- The paper introduces LMMs-Eval, a benchmark suite that standardizes evaluation protocols to address the trade-offs between wide coverage, low cost, and zero contamination.
- It details LMMs-Eval Lite, which utilizes a k-Center subset selection strategy to deliver quick yet reliable performance insights.
- It presents LiveBench, a dynamic evaluation pipeline that mitigates data contamination while integrating human judgments and machine metrics for real-world relevance.
LMMs-Eval: A Comprehensive Evaluation Framework for Large Multimodal Models
Introduction
The paper "LMMs-Eval: Reality Check on the Evaluation of Large Multimodal Models" addresses the challenges of evaluating Large Multimodal Models (LMMs). It introduces the LMMs-Eval, a benchmark suite designed for comprehensive and reproducible evaluation of such models across 50+ tasks and 10+ models. Despite advancements in foundational models, the paper highlights a persistent trilemma in LMM evaluation — achieving wide coverage, low cost, and zero contamination simultaneously. The authors propose LMMs-Eval Lite and LiveBench to navigate these constraints effectively.
Figure 1: To best navigate the trilemma in LMM evaluation benchmarking, we introduce LMMs-Eval, LMMs-Eval Lite, and LiveBench.

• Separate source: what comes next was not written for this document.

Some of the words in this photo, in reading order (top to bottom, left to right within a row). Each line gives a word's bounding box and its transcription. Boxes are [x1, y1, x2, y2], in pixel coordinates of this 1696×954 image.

LMMs-Eval: A Unified Benchmarking Suite
Standardized Framework
The LMMs-Eval suite aims to unify evaluation protocols, thus reducing the inefficiencies associated with disparate model evaluation frameworks. By replicating the design of evaluation frameworks like lm-eval-harness, it standardizes data preprocessing, model inference, and evaluation score calculations, thereby facilitating transparent and reproducible evaluation practices.
Scaling Evaluations


Figure 2: Correlation Graph between scores for our lite set and original scores
The framework supports a wide array of models and datasets, enabling comprehensive evaluation across multiple dimensions. The pursuit of large-scale evaluation highlights the significance of the evaluation trilemma — asserting that only a trade-off can be achieved between wide coverage, low cost, and zero contamination.
LMMs-Eval Lite: Efficient and Broad Evaluation
Lite Benchmark Set
LMMs-Eval Lite selects a representative subset of the original dataset to provide quick and reliable insights during model development. Utilizing a variant of the k-Center problem, the Lite version identifies a data subset such that the evaluated scores remain consistent with those derived from the full dataset.

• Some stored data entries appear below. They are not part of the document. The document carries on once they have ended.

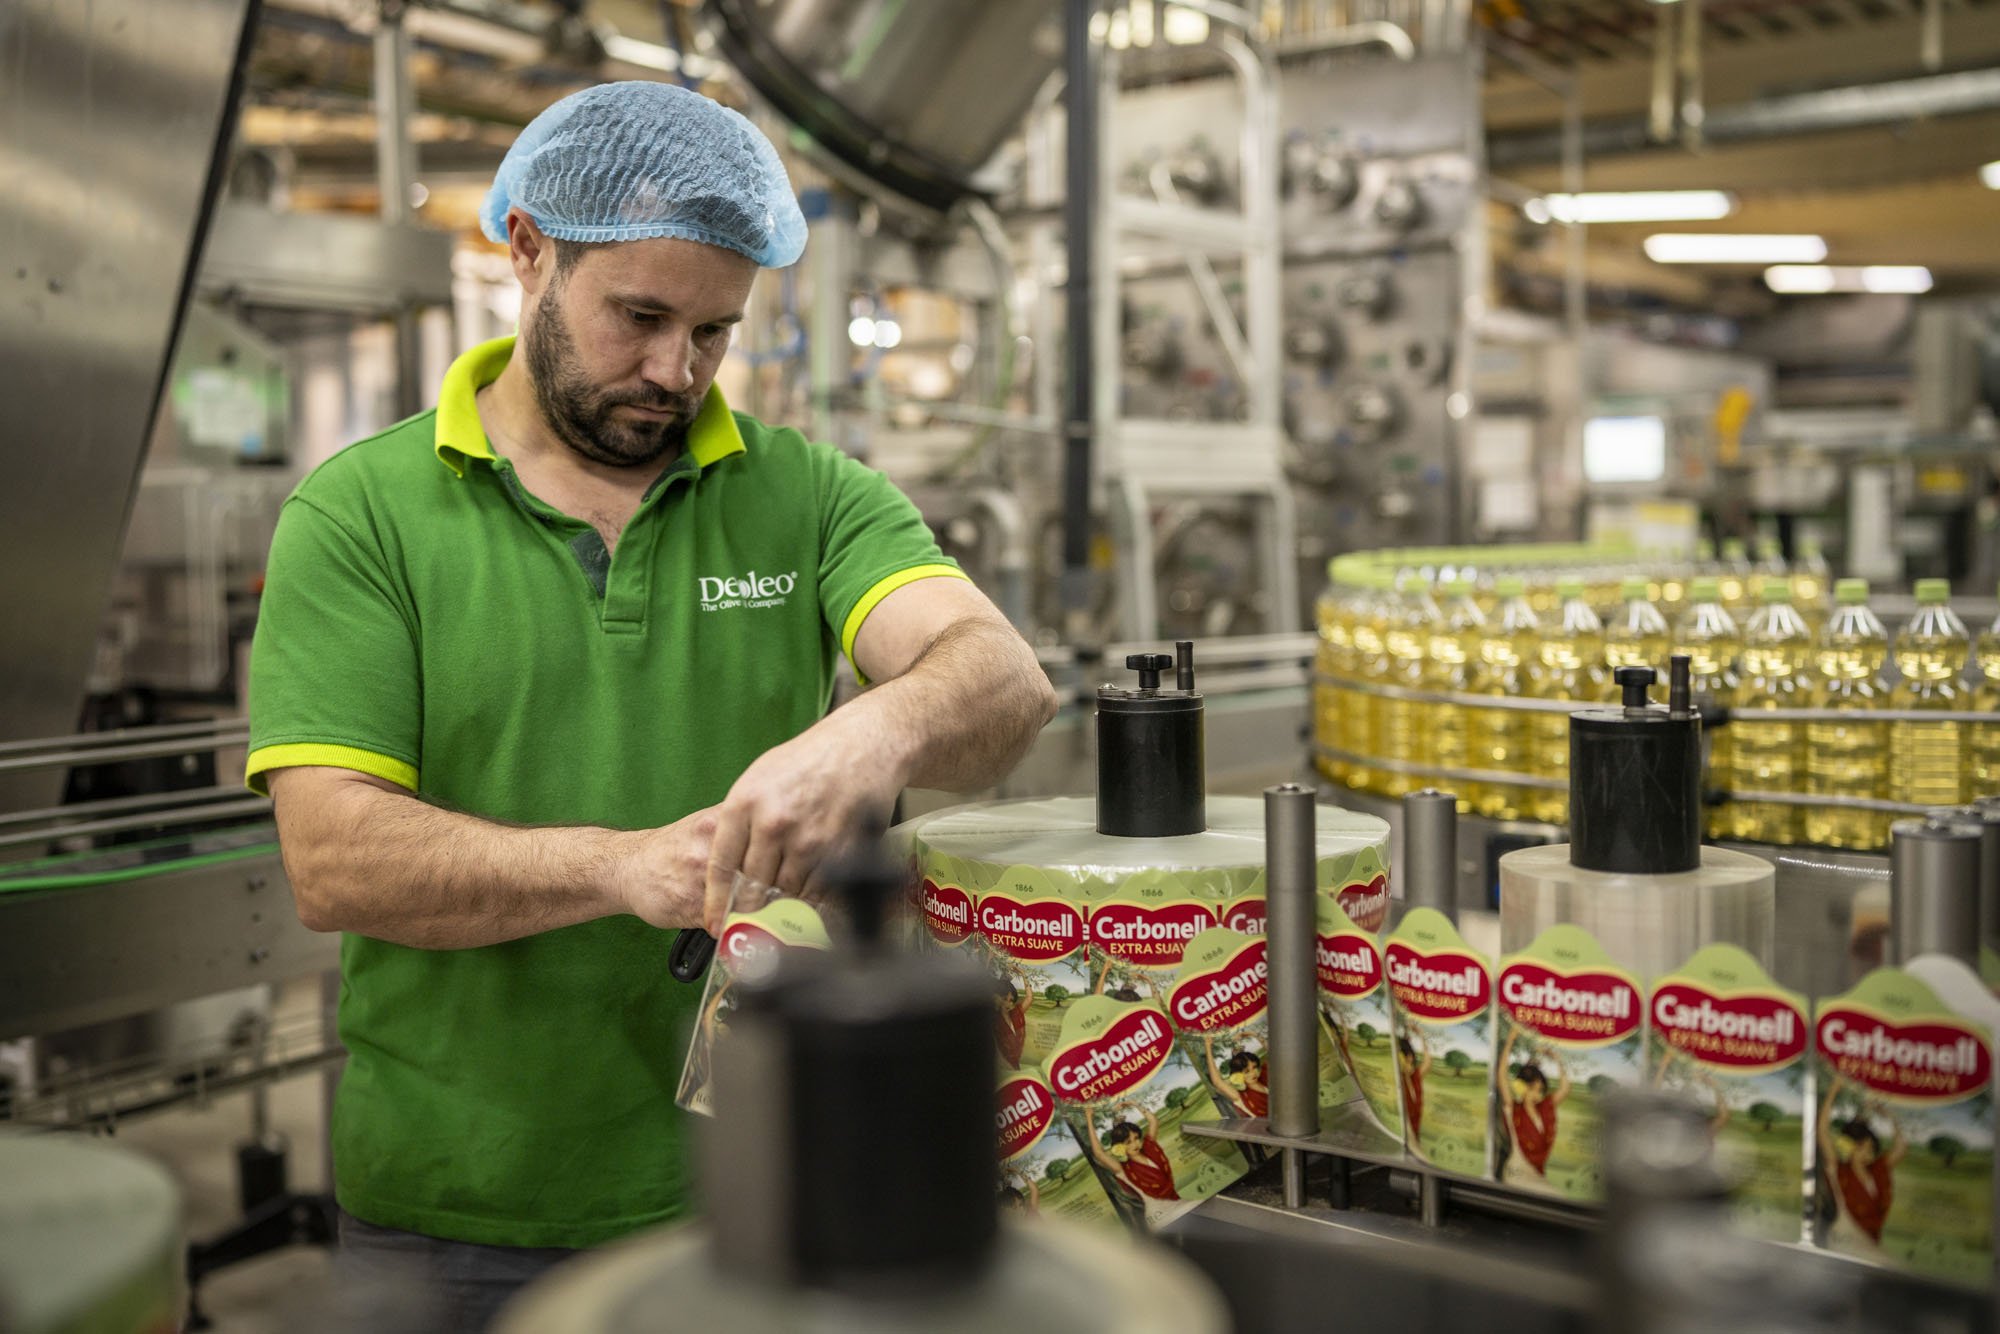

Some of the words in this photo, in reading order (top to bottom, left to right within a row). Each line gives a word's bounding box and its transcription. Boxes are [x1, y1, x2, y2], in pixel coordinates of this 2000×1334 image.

[701, 603, 718, 612] The
[719, 600, 742, 610] Olive
[1015, 884, 1034, 893] 1866
[1140, 889, 1163, 897] 1866
[923, 889, 968, 924] Carbonell
[926, 914, 941, 930] EXTRA
[941, 922, 962, 937] SUAVE
[982, 907, 1074, 938] Carbonell
[992, 933, 1026, 948] EXTRA
[1027, 938, 1064, 952] SUAVE
[1110, 942, 1153, 955] EXTRA
[1154, 942, 1186, 955] SUAV
[1177, 950, 1268, 1021] Carbone
[1386, 953, 1480, 997] Carbonell
[1424, 991, 1468, 1012] SUAVE
[1502, 973, 1631, 1019] Carbonell
[1200, 1000, 1243, 1030] EXTRA
[1515, 1006, 1566, 1030] EXTRA
[1563, 1013, 1616, 1036] SUAVE
[1655, 993, 1794, 1045] Carbonell
[1057, 1015, 1163, 1091] Carbonell
[1821, 1018, 1978, 1076] Carbonell
[1080, 1069, 1123, 1100] EXTRA
[1120, 1045, 1161, 1076] SUAVE
[995, 1085, 1044, 1129] onell
[1004, 1115, 1042, 1143] SUAVE

Figure 3: Results of LMMs-Eval Lite across different models. The x-axis represents the weighted average percentage of scores across all datasets.
Aggregated Score Strategy
To yield an overarching signal during model iterations, LMMs-Eval Lite employs a normalization technique. Scores from each dataset are aggregated post-normalization, offering a unified metric indicative of model performance. However, it's emphasized that this metric serves primarily as a guide during model iterations rather than a definitive performance comparison across families.

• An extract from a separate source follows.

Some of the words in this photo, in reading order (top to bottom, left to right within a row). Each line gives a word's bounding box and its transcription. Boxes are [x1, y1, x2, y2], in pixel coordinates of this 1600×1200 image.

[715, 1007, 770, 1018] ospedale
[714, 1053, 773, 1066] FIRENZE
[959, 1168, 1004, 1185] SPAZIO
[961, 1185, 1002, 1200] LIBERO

LiveBench: Dynamic Evaluation for Real-World Relevance
Data Contamination Challenges
The assimilation of datasets during LMM training poses risks of data contamination, as models unknowingly leverage pre-seen benchmark data, thereby skewing results. A comprehensive analysis indicates significant contamination in widely used datasets such as ChartQA, VQAv2, and COCO2014.

Figure 4: Contamination analysis in current evaluation benchmarks and LLaVA's training data.
Live Evaluation Pipeline
LiveBench introduces a real-time evaluation methodology by curating a dynamic dataset from current news and forum websites. It emphasizes the zero-contamination objective while being resource-efficient. The evaluation metrics incorporate human judgments and diverse machine models, ensuring a holistic assessment of LMM generalization capabilities on contemporary data.
Figure 5: Overview pipeline for LiveBench.
Conclusion
The paper presents a structured approach to tackling the complexities of evaluating Large Multimodal Models through LMMs-Eval. The suite's components — LMMs-Eval, its Lite version, and LiveBench — cater to various aspects of the evaluation trilemma, offering scalable, cost-effective, and currently relevant benchmarks. Future work is anticipated to explore dissolving the limitations posed by evaluation constraints and data contamination, enhancing the fidelity and reliability of LMM assessments.